— AIM OF THE TASK —
Your answer should hold exactly the lines below from the line with "this 1600×1066 image." through the line with "this 1280×1440 image.", both included, and no pictures at all.

[Spatial localization data]
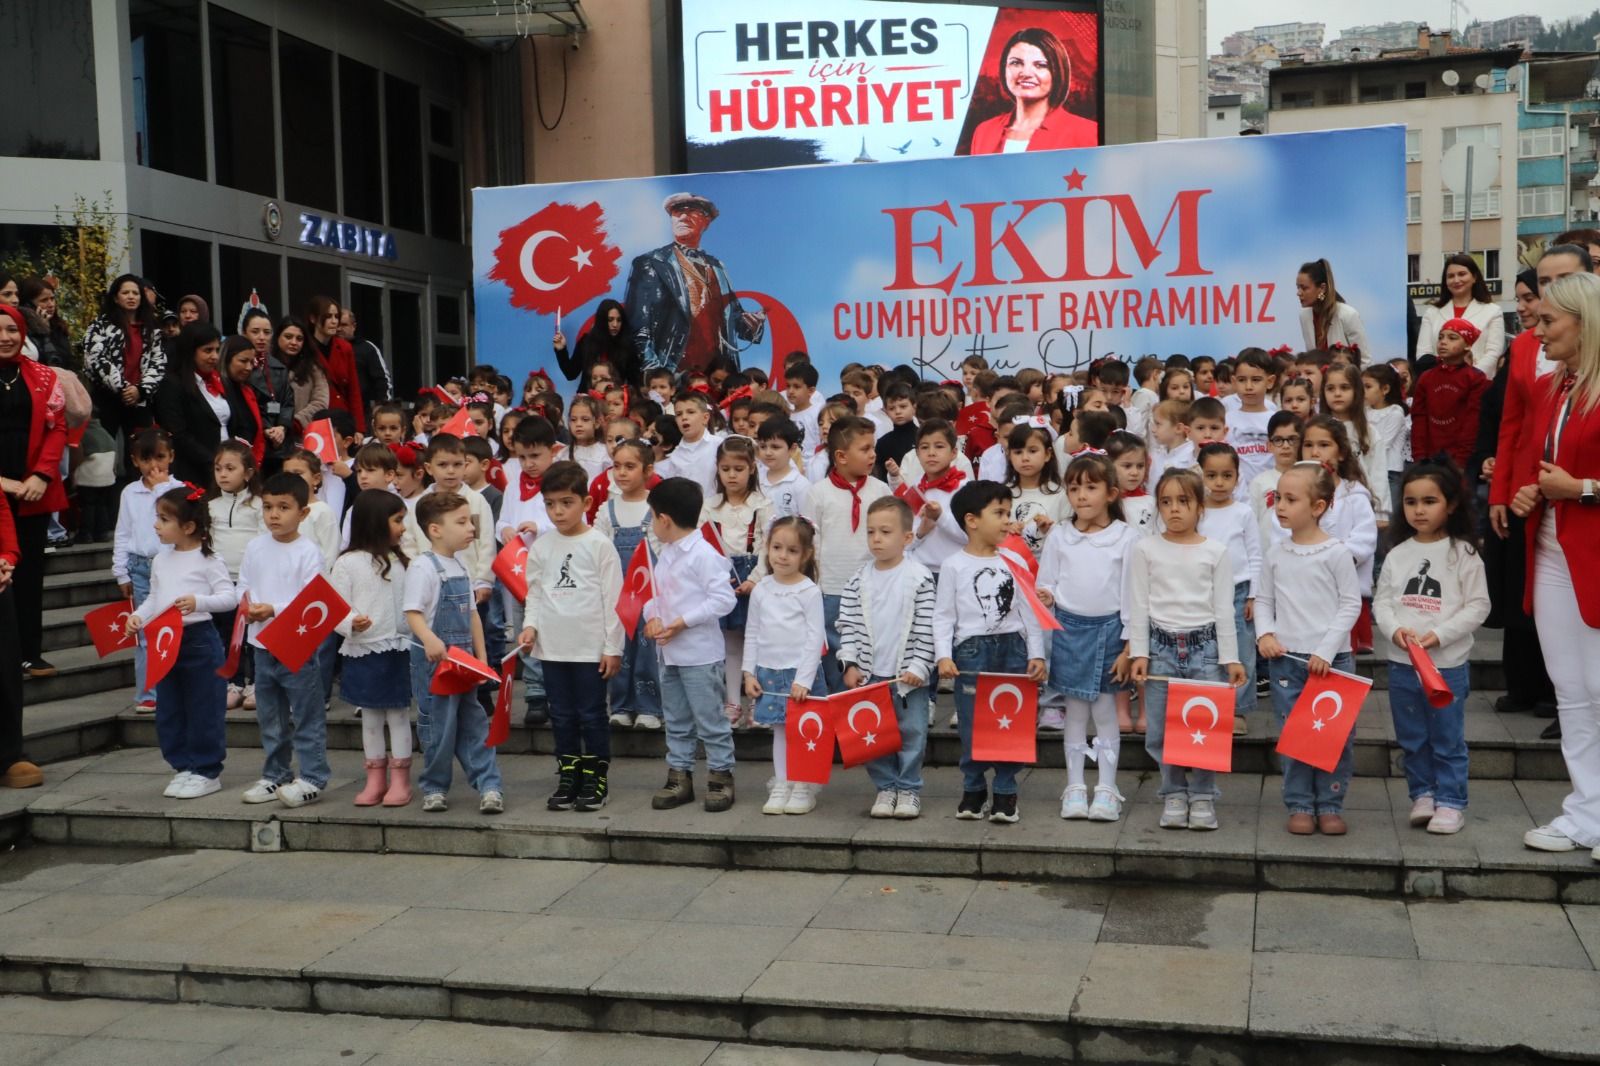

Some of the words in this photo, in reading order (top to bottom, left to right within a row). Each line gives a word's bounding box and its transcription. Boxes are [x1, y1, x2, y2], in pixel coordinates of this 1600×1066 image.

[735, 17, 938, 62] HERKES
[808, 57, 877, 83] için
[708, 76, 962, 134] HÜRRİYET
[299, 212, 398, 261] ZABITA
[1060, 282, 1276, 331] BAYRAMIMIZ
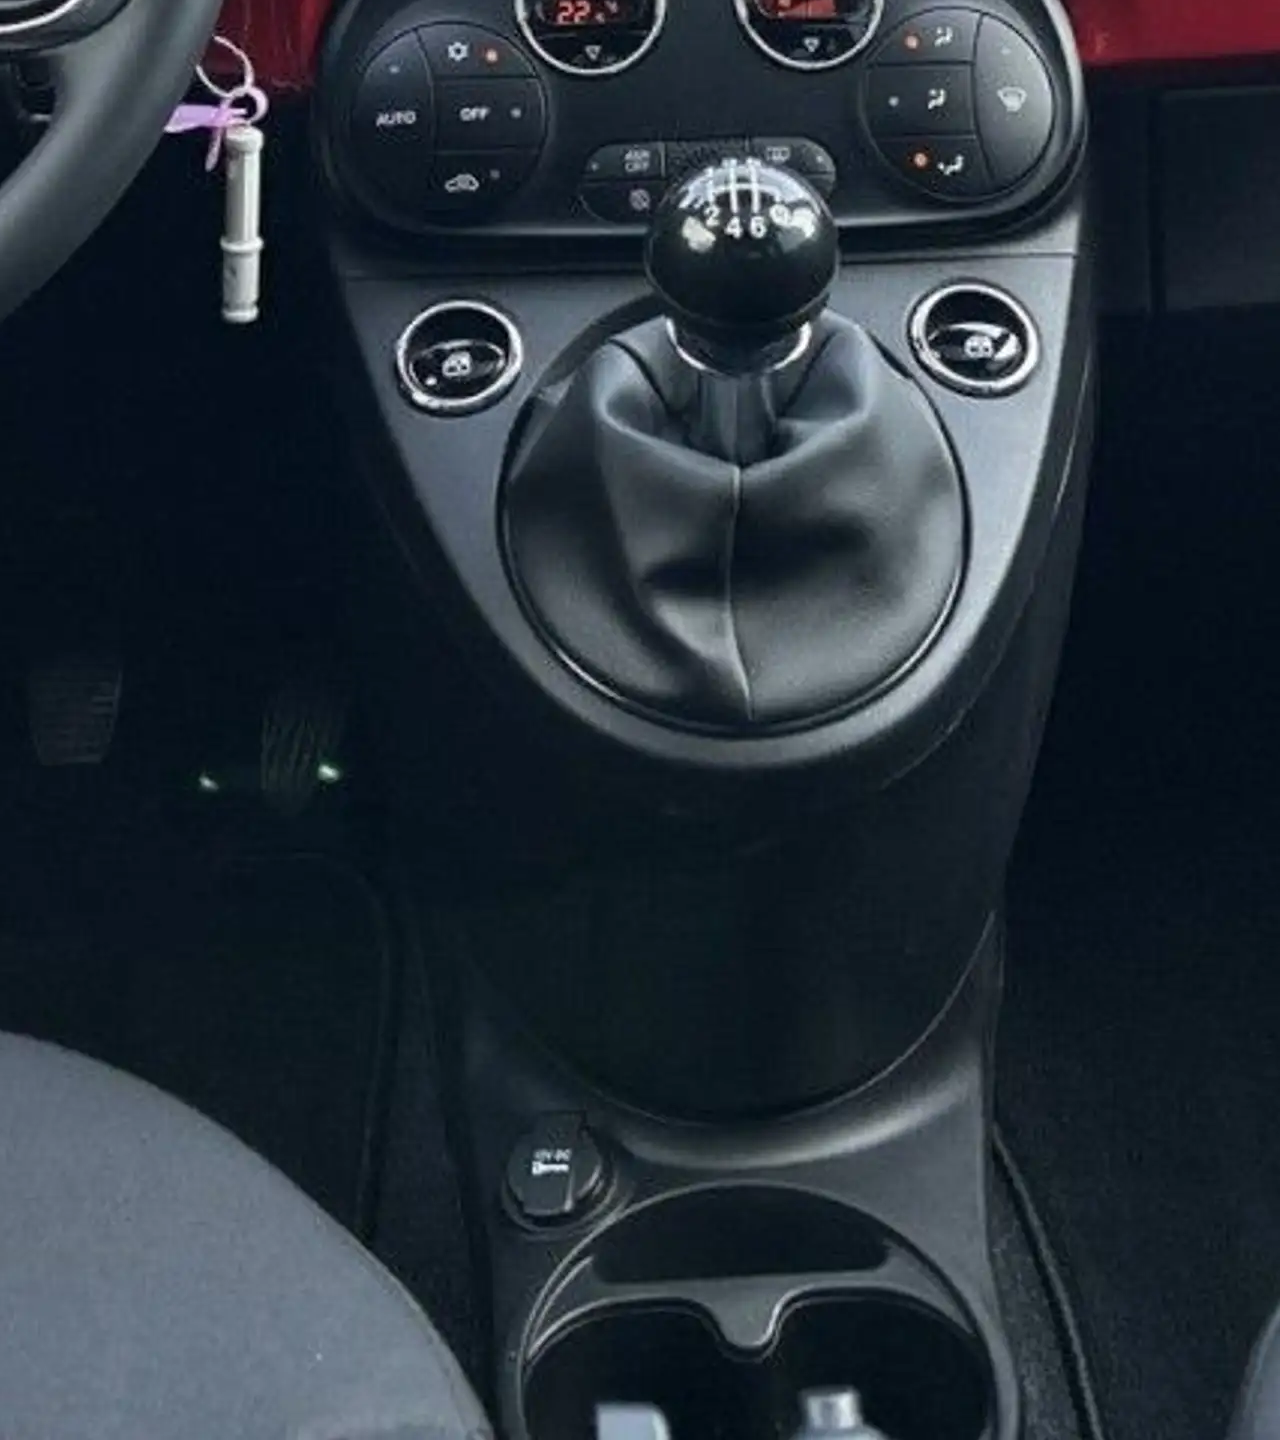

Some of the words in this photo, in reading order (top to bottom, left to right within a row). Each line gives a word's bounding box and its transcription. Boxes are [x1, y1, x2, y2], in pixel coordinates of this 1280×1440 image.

...

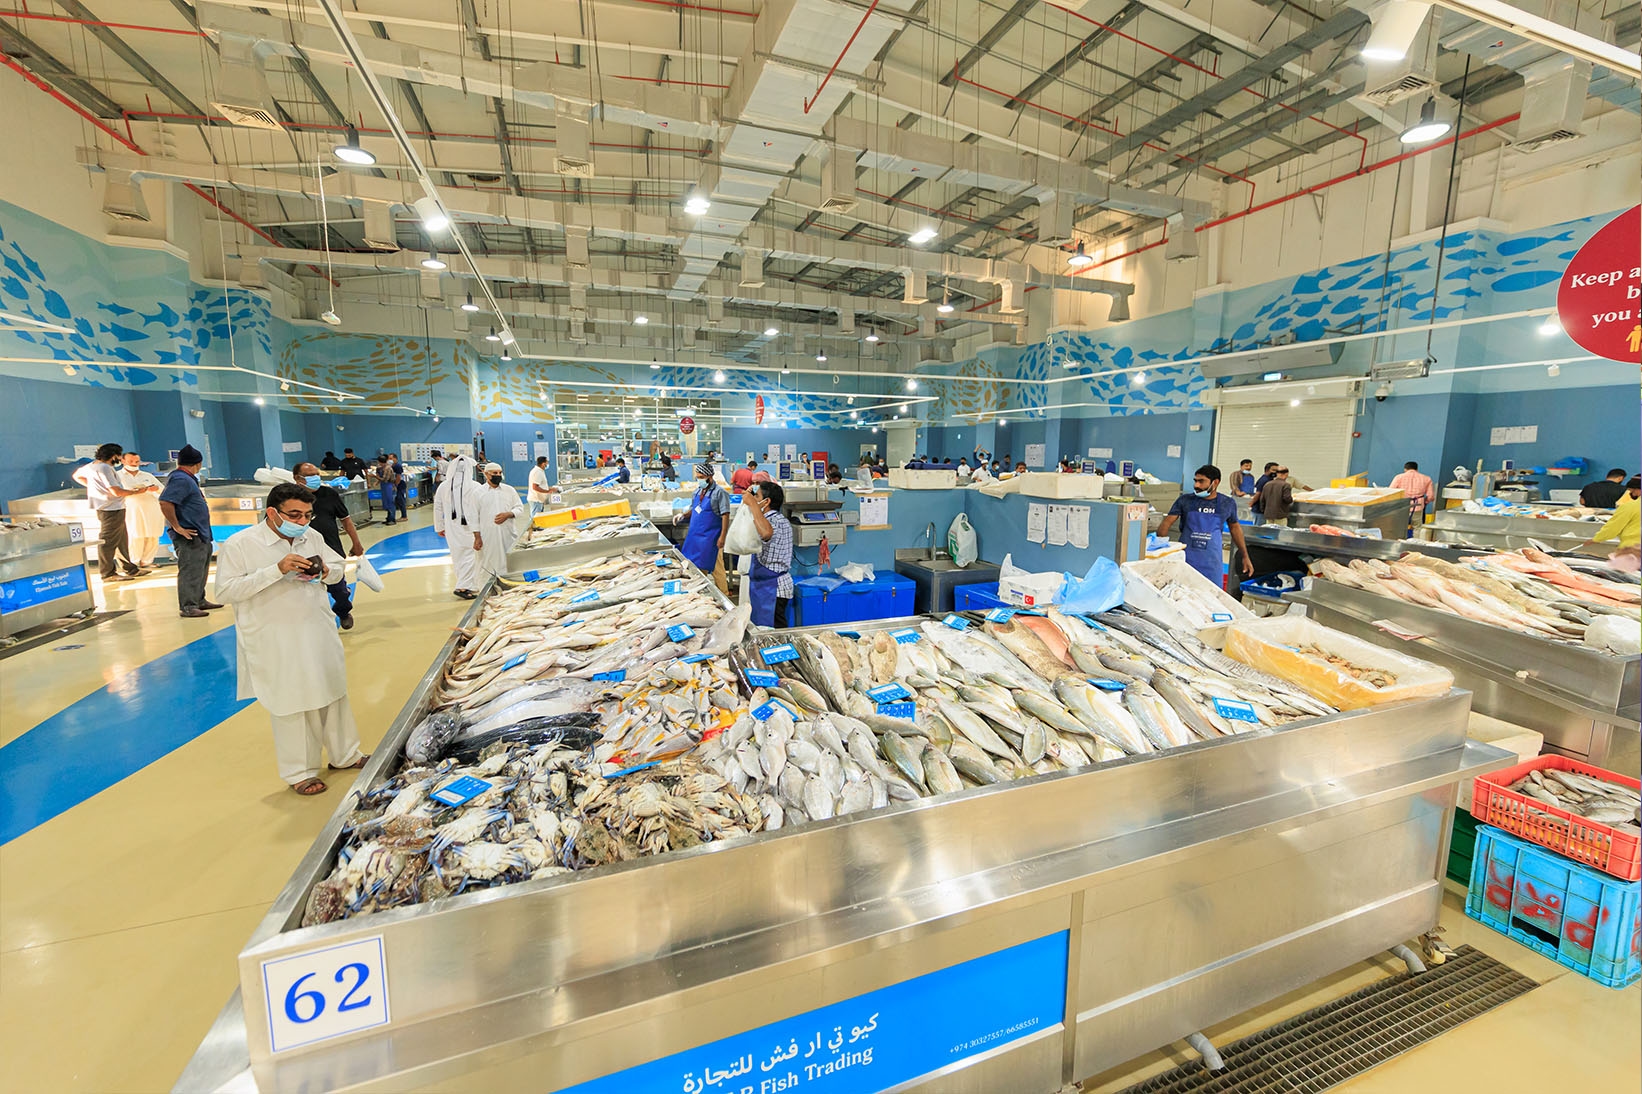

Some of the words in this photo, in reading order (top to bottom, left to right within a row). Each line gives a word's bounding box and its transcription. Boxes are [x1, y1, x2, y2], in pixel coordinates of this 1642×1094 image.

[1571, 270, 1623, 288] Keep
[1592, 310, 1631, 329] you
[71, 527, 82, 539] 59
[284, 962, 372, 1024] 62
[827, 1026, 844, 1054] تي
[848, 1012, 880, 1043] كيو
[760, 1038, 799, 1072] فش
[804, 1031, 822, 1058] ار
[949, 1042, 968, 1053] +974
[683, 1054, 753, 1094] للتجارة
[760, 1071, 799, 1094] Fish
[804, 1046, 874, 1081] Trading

— SOLVED EXERCISE —
Some of the words in this photo, in reading order (top to bottom, left to right within a row). Each line gives a word's bounding box and its transcription. Boxes are [x1, y1, x2, y2], in pixel coordinates of this 1600×1066 image.

[735, 17, 938, 62] HERKES
[808, 57, 877, 83] için
[708, 76, 962, 134] HÜRRİYET
[299, 212, 398, 261] ZABITA
[1060, 282, 1276, 331] BAYRAMIMIZ

Some of the words in this photo, in reading order (top to bottom, left to right within a row). Each line gives a word's bounding box and its transcription. Boxes are [x1, y1, x2, y2], in pixel coordinates of this 1280×1440 image.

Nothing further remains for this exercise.